October 13, 2009 by admin  
Filed under Environmental News

Natural News
David Gutierrez
Tuesday, October 13, 2009

The active ingredient of the popular herbicide Roundup, widely used on lawns and genetically modified (GM) crops worldwide, causes birth defects of the brain, heart and intestines even in minuscule doses, Argentinean researchers have found.

“The observed deformations are consistent and systematic,” said lead researcher Andres Carrasco, director of the Laboratory of Molecular Embryology at the University of Buenos Aires.

Argentina is the world’s third largest exporter of soy, planting nearly 17 million hectares (42 million acres), or half of the country’s cropland. Much of this soy has been genetically modified by the Monsanto Corporation to be resistant to the company’s trademark herbicide, Roundup. As a consequence, massive quantities of Roundup are sprayed over soy fields across the country. In many cases, the herbicide is sprayed from the air and may drift over nearby communities or enter their water supplies.

Approximately 200 million liters (53 million gallons) of Roundup are used in Argentina each year.

The new study, conducted by the National Council for Scientific and Technical Research (CONICET), was ordered by the Argentinean Health Ministry in response to complaints filed before federal courts over the health effects of widespread herbicide spraying. For the past five years, a wide coalition of environmental and rights groups have pointed to significantly higher rates of birth defects, cancer, lupus, and diseases of the kidney, skin and respiratory systems in communities located near field of GM soy. Most recently, the nonprofit Rural Reflection Group (GRR) published a paper containing reports of health effects from rural doctors, residents and experts.

The group has called for a ban on the use of Roundup in accordance with the precautionary principle.

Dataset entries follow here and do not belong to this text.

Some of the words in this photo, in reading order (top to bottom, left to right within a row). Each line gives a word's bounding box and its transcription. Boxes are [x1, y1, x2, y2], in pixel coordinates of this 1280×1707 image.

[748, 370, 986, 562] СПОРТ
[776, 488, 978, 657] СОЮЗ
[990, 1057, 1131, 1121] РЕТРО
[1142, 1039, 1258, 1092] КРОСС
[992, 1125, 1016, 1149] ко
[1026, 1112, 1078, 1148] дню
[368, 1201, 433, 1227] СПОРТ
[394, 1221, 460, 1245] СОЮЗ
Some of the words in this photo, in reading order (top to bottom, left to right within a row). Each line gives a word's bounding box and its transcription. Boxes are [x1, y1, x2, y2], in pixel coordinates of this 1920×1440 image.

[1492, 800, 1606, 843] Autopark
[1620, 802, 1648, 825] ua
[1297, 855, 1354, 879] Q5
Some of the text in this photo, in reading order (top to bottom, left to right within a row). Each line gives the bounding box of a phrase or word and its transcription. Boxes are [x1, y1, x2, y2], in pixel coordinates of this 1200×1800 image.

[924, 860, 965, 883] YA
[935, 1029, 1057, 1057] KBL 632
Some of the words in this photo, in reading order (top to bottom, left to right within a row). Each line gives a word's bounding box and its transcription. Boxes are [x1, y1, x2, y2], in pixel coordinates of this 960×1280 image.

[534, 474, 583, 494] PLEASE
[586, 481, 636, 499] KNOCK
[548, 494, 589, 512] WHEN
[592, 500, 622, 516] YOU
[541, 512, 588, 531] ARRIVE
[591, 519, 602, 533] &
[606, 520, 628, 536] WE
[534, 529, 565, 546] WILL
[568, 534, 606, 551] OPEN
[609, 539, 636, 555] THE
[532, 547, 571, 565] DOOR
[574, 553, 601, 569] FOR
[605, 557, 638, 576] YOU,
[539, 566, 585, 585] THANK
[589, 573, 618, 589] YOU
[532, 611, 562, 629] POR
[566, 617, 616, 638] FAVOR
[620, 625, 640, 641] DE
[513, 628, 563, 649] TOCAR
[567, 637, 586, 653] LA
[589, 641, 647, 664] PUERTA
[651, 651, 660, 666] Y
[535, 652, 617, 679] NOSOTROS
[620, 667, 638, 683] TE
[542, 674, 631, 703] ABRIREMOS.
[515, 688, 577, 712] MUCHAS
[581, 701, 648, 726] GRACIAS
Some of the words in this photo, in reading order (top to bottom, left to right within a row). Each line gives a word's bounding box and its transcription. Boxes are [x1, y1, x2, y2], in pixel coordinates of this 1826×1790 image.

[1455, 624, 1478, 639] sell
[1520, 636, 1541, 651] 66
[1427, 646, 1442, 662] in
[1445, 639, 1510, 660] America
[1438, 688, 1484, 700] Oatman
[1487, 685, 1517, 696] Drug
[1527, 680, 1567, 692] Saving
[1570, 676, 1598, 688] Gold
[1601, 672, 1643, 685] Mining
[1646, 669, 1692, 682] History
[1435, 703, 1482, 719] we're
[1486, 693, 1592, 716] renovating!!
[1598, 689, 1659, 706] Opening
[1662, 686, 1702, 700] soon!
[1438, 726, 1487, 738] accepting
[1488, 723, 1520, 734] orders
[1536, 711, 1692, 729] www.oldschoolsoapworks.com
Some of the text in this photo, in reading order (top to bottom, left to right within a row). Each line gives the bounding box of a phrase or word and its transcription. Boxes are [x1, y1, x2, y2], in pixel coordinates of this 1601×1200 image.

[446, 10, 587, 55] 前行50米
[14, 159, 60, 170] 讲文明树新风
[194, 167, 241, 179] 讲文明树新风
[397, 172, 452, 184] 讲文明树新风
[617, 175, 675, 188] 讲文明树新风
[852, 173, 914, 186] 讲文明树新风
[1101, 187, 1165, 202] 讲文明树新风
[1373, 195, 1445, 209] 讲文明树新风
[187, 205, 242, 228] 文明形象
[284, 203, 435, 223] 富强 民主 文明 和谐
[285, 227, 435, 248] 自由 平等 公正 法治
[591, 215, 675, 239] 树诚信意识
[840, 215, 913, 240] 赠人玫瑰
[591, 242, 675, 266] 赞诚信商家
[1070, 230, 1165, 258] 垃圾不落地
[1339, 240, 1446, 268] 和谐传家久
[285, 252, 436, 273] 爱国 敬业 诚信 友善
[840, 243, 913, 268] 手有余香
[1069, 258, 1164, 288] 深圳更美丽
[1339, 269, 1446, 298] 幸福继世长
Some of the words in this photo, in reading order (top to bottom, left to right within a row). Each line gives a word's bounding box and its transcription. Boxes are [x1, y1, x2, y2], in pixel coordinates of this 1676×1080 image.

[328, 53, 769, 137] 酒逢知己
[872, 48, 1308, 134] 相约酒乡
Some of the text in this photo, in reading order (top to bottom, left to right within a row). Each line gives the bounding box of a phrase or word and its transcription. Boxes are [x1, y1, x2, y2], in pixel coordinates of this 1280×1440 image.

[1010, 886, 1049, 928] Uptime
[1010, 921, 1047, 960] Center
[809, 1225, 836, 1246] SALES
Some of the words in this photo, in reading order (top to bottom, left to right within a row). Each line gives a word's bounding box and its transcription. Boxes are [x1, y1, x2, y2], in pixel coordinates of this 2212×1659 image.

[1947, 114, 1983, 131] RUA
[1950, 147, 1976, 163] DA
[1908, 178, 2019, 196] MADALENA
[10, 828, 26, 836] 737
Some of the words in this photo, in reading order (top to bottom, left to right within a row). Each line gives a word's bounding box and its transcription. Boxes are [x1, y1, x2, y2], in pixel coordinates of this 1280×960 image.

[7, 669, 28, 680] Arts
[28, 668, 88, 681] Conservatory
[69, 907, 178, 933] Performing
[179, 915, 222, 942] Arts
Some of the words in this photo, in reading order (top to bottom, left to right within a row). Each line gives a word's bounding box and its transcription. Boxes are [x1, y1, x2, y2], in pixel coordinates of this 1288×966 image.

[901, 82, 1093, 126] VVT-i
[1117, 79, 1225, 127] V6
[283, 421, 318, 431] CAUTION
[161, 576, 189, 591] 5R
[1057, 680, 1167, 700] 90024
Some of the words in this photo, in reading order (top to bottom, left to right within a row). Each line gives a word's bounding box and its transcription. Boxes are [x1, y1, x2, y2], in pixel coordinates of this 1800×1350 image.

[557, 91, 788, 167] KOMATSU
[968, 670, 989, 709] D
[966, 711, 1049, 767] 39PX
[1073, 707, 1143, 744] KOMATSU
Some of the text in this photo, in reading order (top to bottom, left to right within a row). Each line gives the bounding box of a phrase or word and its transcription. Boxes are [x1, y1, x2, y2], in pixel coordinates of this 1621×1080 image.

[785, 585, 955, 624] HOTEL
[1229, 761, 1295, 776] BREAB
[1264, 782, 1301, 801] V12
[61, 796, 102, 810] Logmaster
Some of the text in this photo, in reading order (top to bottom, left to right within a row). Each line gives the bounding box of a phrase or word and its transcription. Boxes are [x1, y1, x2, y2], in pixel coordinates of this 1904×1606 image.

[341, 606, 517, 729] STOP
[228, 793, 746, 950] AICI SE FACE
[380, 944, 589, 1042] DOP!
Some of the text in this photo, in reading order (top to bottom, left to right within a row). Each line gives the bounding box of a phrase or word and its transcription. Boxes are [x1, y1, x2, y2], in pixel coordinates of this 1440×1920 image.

In the first phase of the CONICET study, researchers diluted Roundup’s active ingredient, glyphosate, to a strength 1,500 times less than that used on GM soy crops. Other than water, no ingredients were added. The researchers then submerged amphibian embryos into this glyphosate solution, finding that the embryos consistently developed into animals with deformed heads.

In the second phase, researchers injected embryos directly with the diluted glyphosate solution. In addition to head deformity, the researchers observed reduced head size, increased death of skull-forming cells, deformed cartilage and genetic changes to the animals’ central nervous system, on a much larger scale than in the first part of the study.

“One should be able to suppose, with certainty, that the same thing that happens to amphibian embryos can happen to humans,” Carrasco said, noting that the observed results were “completely comparable to what would happen in the development of a human embryo.”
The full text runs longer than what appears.